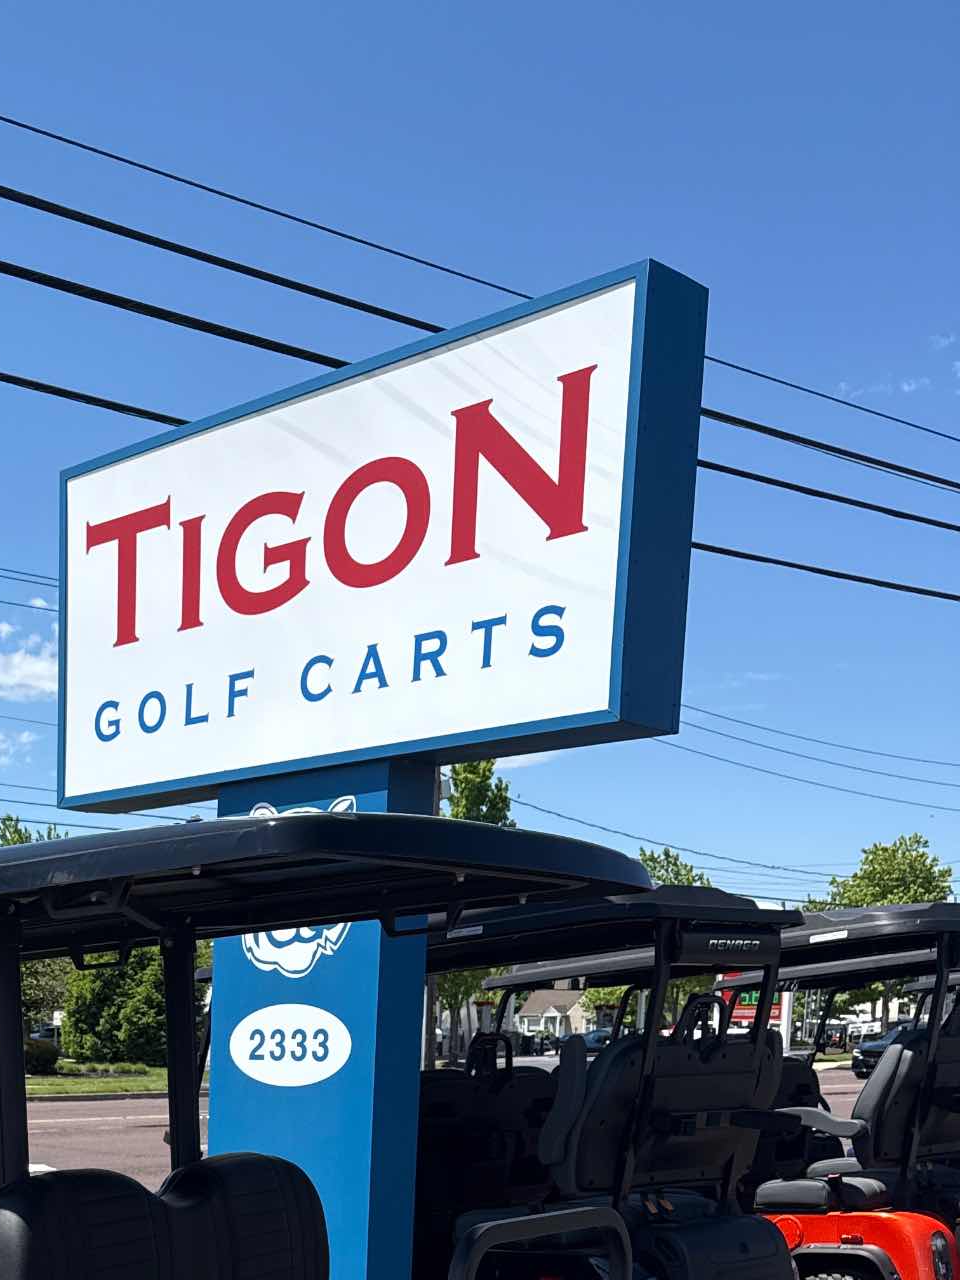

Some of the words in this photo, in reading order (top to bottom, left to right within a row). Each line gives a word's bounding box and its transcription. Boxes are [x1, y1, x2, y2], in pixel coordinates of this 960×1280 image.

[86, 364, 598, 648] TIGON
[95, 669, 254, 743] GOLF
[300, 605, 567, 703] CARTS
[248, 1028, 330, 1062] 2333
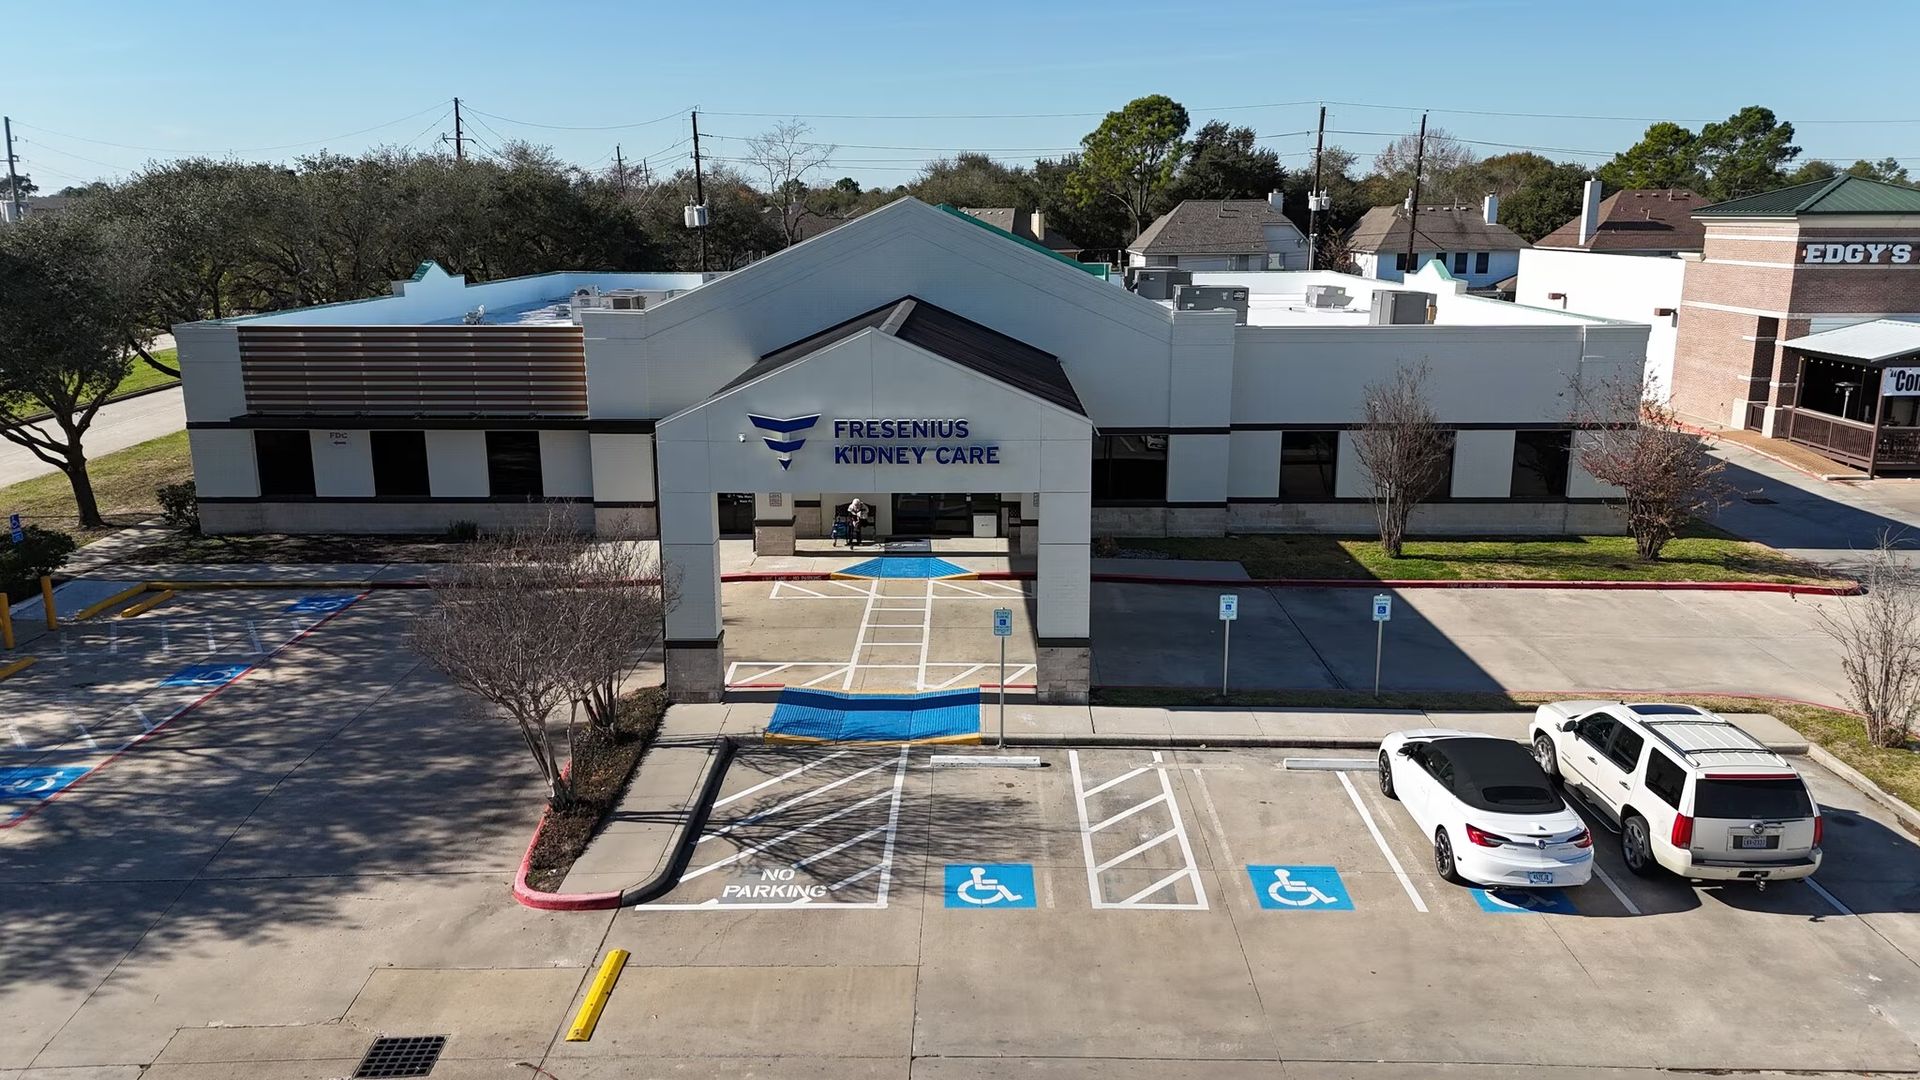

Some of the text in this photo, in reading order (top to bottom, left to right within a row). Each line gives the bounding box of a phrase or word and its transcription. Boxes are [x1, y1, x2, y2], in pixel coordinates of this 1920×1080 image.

...

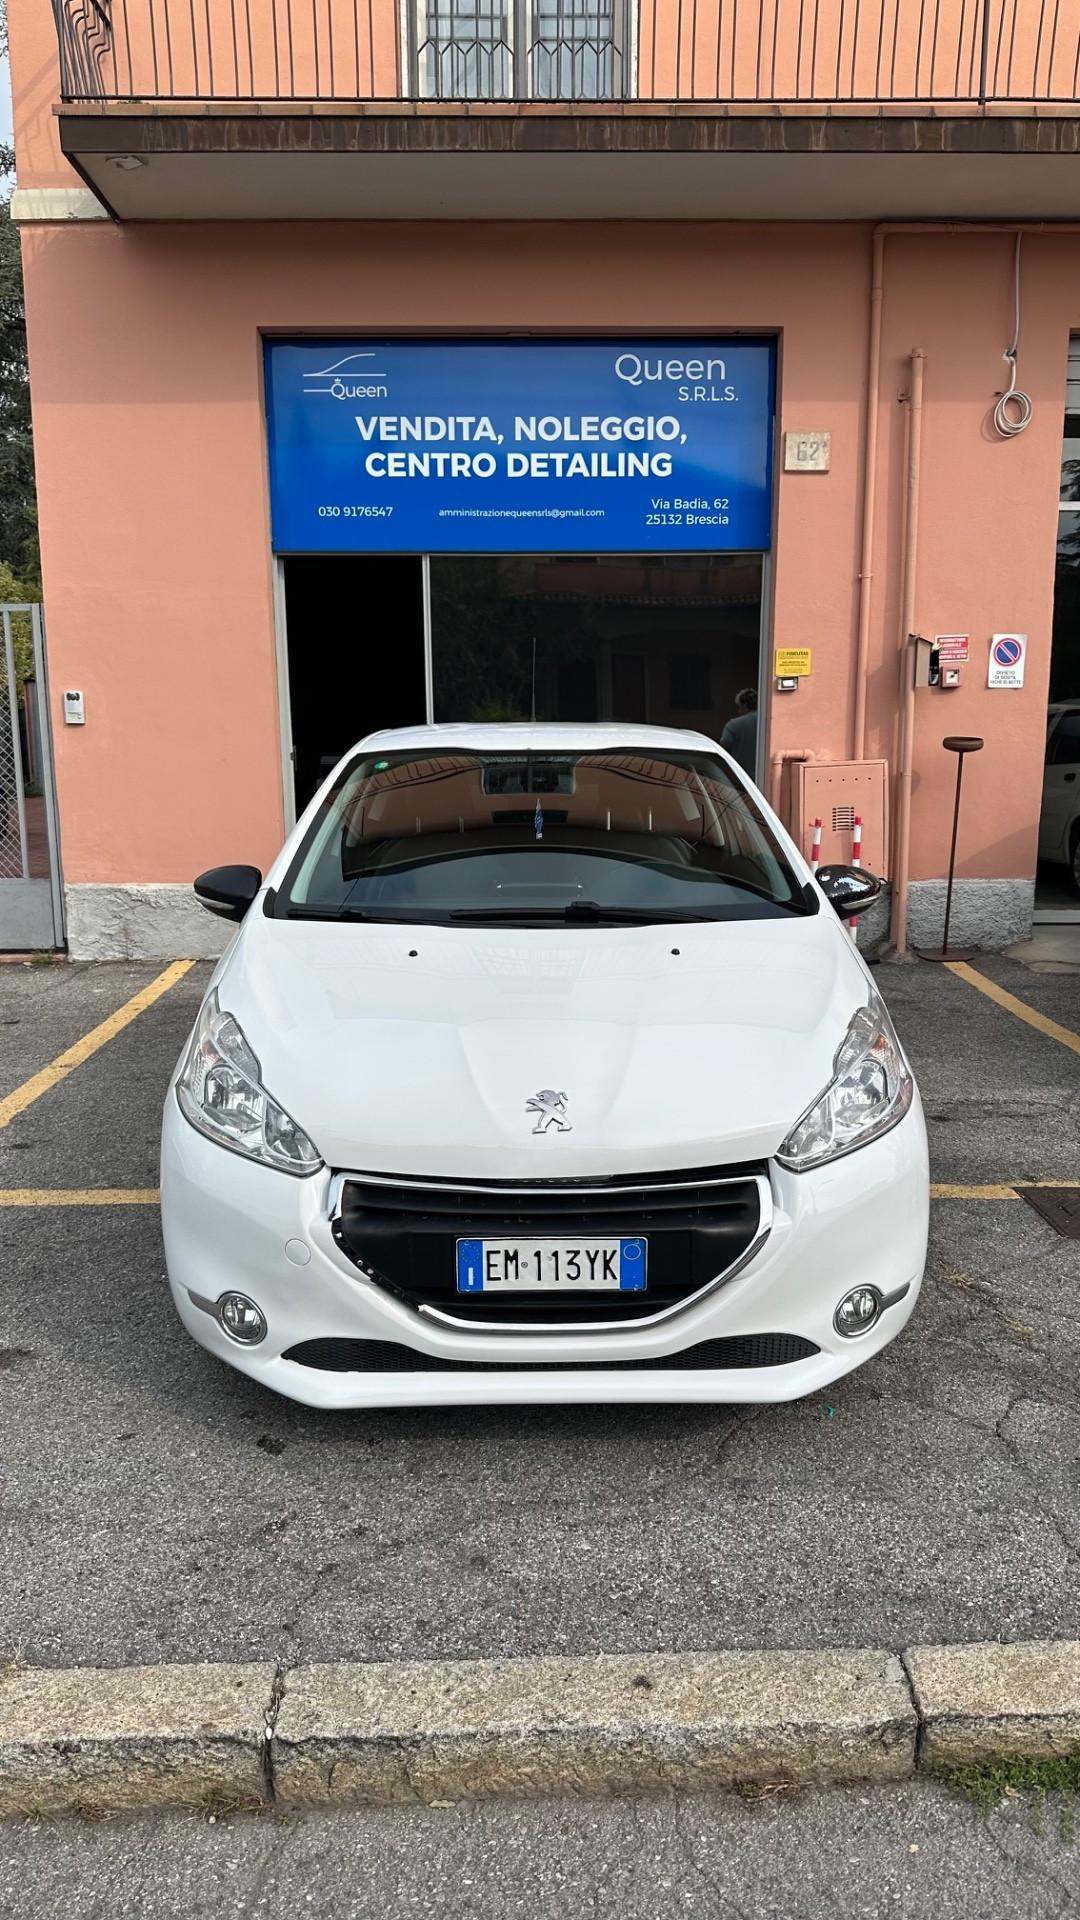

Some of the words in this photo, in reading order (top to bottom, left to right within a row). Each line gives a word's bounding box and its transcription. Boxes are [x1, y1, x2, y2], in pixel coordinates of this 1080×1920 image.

Work request —
Taking the entries above, copy word for word the lines from the one with "this 960×1280 image." up to and including the one with "Some of the text", without any picture.

Written response —
Some of the words in this photo, in reading order (top to bottom, left to right within a row). Each line gives a word's bounding box and its transcription. Boxes are [x1, y1, x2, y2], in pixel coordinates of this 960×1280 image.

[86, 364, 598, 648] TIGON
[95, 669, 254, 743] GOLF
[300, 605, 567, 703] CARTS
[248, 1028, 330, 1062] 2333

Some of the text in this photo, in reading order (top to bottom, left to right within a row). Each line gives the bounding box of a phrase or word and its transcription. Boxes are [x1, y1, x2, y2], in pixel coordinates of this 1920×1080 image.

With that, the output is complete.